Originally published as Tarde en McBurger’s in 2020 by publisher Apa Apa, Afternoon at McBurger’s is a science-fiction graphic novella that follows three 11-year-old girls as they spend the day at McBurger’s and order their once-in-a-lifetime “meals.” Written and illustrated by Ana Galvañ and translated to English from Spanish by Jamie Richards, Afternoon at McBurger’s sweetly succinct 64 pages make for a wholly unique comic book experience that will surely take you by surprise.
Afternoon at McBurger’s carries the liminality of shows like The Twilight Zone and Black Mirror and the vicious youth of comic series Paper Girls for a refreshing and compelling story. Galvañ pens a non-linear narrative that weaves throughout the lives of the three girls, bending in ways familiar to time travel stories yet feeling entirely new. Galvañ then blends these sci-fi time travel tropes with the familiarity of adolescent struggle, the inevitability of time, and friendship.
The soft yet sharp minimalist art in Afternoon at McBurger’s makes the story that much more unique. Curved panel lines play with both the story and the sci-fi themes of time and space, giving the gutters just as important a role in fleshing it out. Galvañ also employs plentiful use of Diego Rivera-style rolling movement where not every moment is captured in its own panel. The multiple splash pages do the same by breathing surprising space into such a short story, with their hollowness adding to that feeling of liminal space.

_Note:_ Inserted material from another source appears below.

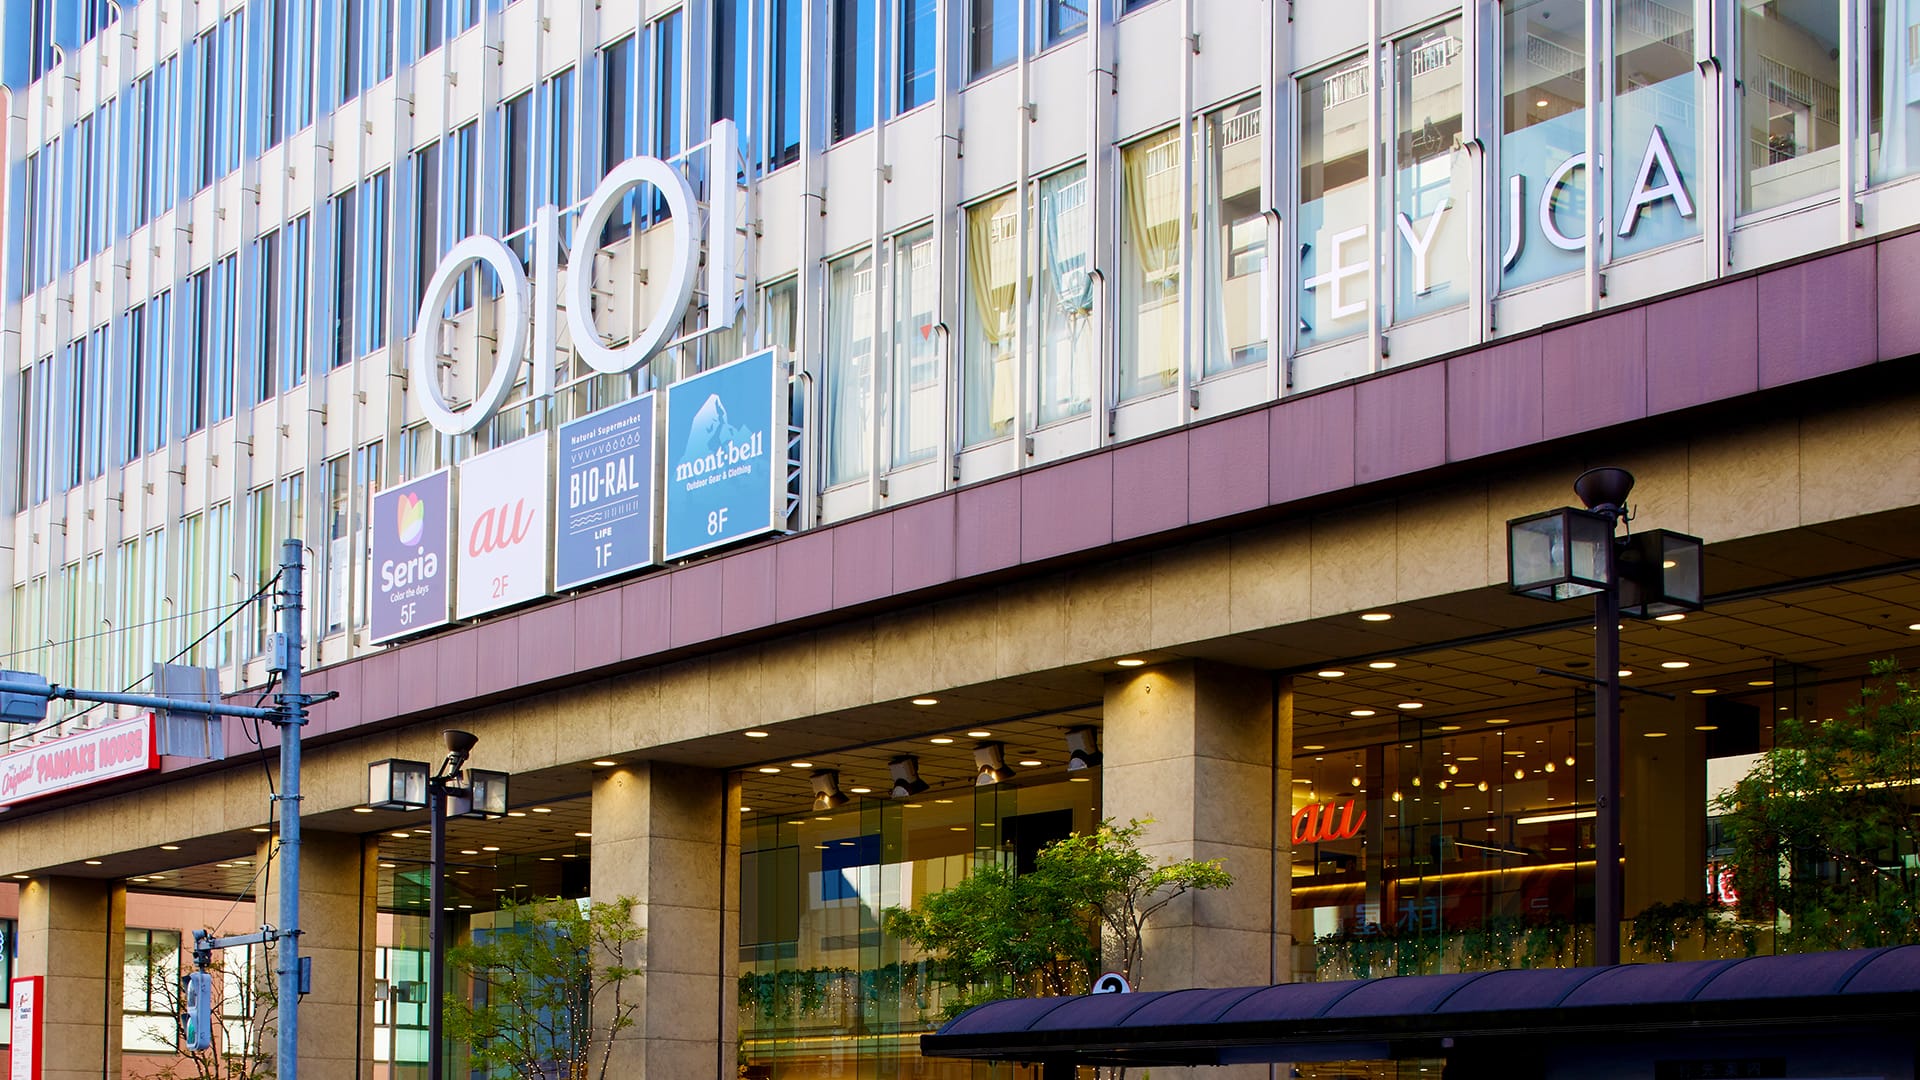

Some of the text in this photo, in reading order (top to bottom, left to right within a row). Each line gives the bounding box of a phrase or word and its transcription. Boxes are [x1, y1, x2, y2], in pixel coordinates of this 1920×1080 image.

Galvañ’s art is especially impressive when you realize that the only colors used in the entire book are various shades of red, yellow, and blue. The use of these primary colors in Afternoon at McBurger’s is stunning, combining blocky monotones with overlapping shades and textured fading to create an aesthetic both retro and futuristic.
I can’t quite get over how Afternoon at McBurger’s is so casually brilliant. While I’m writing this I’m still discovering new threads and potential meanings for both the color choices and story. That’s the genius of the book, how it keeps the reader guessing, keeping them almost in a state of relative unawareness much like an 11-year-old child would be. It’s one of those stories that leaves you slightly confused at its abruptness, but when re-read leaves you stunned at its simple complexity.
Despite the many layers that can be peeled back in Afternoon at McBurger’s, Galvañ doesn’t ask you to put on your detective hat to go figure out the meaning of every single panel and plot point. This isn’t some mysterious and convoluted story that tells you to analyze it with ravenous fervor to figure out the “true” meaning. Rather, it invites you to reflect, to experience, to feel.
Afternoon at McBurger’s conducts its narrative melody with humble grace and lets you bathe in a world of exquisite color for a unique futuristic story rooted in timeless truths. This work of Galvañ’s is not something to miss. It might even make you wish you could turn 11 again.